What this task involves:
Repeat the entire listing exactly.

Source data:

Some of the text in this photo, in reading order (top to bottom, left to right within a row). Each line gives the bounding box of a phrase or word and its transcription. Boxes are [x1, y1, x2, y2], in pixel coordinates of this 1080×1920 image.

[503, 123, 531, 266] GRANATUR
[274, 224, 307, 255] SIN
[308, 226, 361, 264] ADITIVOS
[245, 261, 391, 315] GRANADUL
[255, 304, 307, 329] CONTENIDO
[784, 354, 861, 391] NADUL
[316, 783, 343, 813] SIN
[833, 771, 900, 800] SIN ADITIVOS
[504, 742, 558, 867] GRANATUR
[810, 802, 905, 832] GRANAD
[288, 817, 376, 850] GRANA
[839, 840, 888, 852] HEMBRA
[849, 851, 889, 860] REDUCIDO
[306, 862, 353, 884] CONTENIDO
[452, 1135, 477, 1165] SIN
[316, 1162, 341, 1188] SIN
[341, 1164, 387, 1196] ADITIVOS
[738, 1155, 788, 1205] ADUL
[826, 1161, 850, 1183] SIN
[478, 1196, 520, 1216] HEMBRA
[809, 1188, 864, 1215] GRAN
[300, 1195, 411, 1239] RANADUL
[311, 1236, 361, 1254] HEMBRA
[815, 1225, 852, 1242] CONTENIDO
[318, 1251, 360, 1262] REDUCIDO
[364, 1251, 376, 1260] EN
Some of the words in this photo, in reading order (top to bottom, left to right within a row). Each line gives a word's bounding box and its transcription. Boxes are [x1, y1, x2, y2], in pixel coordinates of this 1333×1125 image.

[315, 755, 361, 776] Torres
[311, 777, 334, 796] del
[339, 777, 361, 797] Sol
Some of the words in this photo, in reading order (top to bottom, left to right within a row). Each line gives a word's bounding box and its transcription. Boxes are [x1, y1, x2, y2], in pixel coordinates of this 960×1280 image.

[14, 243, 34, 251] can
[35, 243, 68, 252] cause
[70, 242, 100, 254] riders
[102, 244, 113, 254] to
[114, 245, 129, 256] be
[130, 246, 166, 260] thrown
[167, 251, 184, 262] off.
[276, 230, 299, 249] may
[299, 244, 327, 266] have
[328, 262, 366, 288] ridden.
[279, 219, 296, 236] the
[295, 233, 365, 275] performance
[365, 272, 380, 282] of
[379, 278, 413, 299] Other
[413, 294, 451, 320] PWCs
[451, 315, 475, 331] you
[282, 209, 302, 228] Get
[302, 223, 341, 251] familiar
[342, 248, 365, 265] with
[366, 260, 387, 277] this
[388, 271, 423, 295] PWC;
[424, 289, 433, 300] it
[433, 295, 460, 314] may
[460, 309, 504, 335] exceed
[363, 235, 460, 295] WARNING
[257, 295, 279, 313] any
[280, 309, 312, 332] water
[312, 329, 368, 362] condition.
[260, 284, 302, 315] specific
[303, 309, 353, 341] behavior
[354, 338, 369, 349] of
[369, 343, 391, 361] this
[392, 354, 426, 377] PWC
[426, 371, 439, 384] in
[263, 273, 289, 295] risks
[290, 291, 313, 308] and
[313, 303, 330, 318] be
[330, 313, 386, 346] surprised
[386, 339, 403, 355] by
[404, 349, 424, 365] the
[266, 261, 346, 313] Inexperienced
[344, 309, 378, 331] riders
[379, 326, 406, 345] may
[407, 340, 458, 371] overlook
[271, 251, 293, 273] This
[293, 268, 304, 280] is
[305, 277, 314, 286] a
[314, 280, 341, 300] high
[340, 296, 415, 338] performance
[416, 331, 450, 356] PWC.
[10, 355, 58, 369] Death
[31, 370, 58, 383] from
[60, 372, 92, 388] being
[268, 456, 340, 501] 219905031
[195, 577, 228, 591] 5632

Answer to this exercise:
Some of the text in this photo, in reading order (top to bottom, left to right within a row). Each line gives the bounding box of a phrase or word and its transcription. Boxes are [x1, y1, x2, y2], in pixel coordinates of this 1080×1920 image.

[503, 123, 531, 266] GRANATUR
[274, 224, 307, 255] SIN
[308, 226, 361, 264] ADITIVOS
[245, 261, 391, 315] GRANADUL
[255, 304, 307, 329] CONTENIDO
[784, 354, 861, 391] NADUL
[316, 783, 343, 813] SIN
[833, 771, 900, 800] SIN ADITIVOS
[504, 742, 558, 867] GRANATUR
[810, 802, 905, 832] GRANAD
[288, 817, 376, 850] GRANA
[839, 840, 888, 852] HEMBRA
[849, 851, 889, 860] REDUCIDO
[306, 862, 353, 884] CONTENIDO
[452, 1135, 477, 1165] SIN
[316, 1162, 341, 1188] SIN
[341, 1164, 387, 1196] ADITIVOS
[738, 1155, 788, 1205] ADUL
[826, 1161, 850, 1183] SIN
[478, 1196, 520, 1216] HEMBRA
[809, 1188, 864, 1215] GRAN
[300, 1195, 411, 1239] RANADUL
[311, 1236, 361, 1254] HEMBRA
[815, 1225, 852, 1242] CONTENIDO
[318, 1251, 360, 1262] REDUCIDO
[364, 1251, 376, 1260] EN
Some of the words in this photo, in reading order (top to bottom, left to right within a row). Each line gives a word's bounding box and its transcription. Boxes are [x1, y1, x2, y2], in pixel coordinates of this 1333×1125 image.

[315, 755, 361, 776] Torres
[311, 777, 334, 796] del
[339, 777, 361, 797] Sol
Some of the words in this photo, in reading order (top to bottom, left to right within a row). Each line gives a word's bounding box and its transcription. Boxes are [x1, y1, x2, y2], in pixel coordinates of this 960×1280 image.

[14, 243, 34, 251] can
[35, 243, 68, 252] cause
[70, 242, 100, 254] riders
[102, 244, 113, 254] to
[114, 245, 129, 256] be
[130, 246, 166, 260] thrown
[167, 251, 184, 262] off.
[276, 230, 299, 249] may
[299, 244, 327, 266] have
[328, 262, 366, 288] ridden.
[279, 219, 296, 236] the
[295, 233, 365, 275] performance
[365, 272, 380, 282] of
[379, 278, 413, 299] Other
[413, 294, 451, 320] PWCs
[451, 315, 475, 331] you
[282, 209, 302, 228] Get
[302, 223, 341, 251] familiar
[342, 248, 365, 265] with
[366, 260, 387, 277] this
[388, 271, 423, 295] PWC;
[424, 289, 433, 300] it
[433, 295, 460, 314] may
[460, 309, 504, 335] exceed
[363, 235, 460, 295] WARNING
[257, 295, 279, 313] any
[280, 309, 312, 332] water
[312, 329, 368, 362] condition.
[260, 284, 302, 315] specific
[303, 309, 353, 341] behavior
[354, 338, 369, 349] of
[369, 343, 391, 361] this
[392, 354, 426, 377] PWC
[426, 371, 439, 384] in
[263, 273, 289, 295] risks
[290, 291, 313, 308] and
[313, 303, 330, 318] be
[330, 313, 386, 346] surprised
[386, 339, 403, 355] by
[404, 349, 424, 365] the
[266, 261, 346, 313] Inexperienced
[344, 309, 378, 331] riders
[379, 326, 406, 345] may
[407, 340, 458, 371] overlook
[271, 251, 293, 273] This
[293, 268, 304, 280] is
[305, 277, 314, 286] a
[314, 280, 341, 300] high
[340, 296, 415, 338] performance
[416, 331, 450, 356] PWC.
[10, 355, 58, 369] Death
[31, 370, 58, 383] from
[60, 372, 92, 388] being
[268, 456, 340, 501] 219905031
[195, 577, 228, 591] 5632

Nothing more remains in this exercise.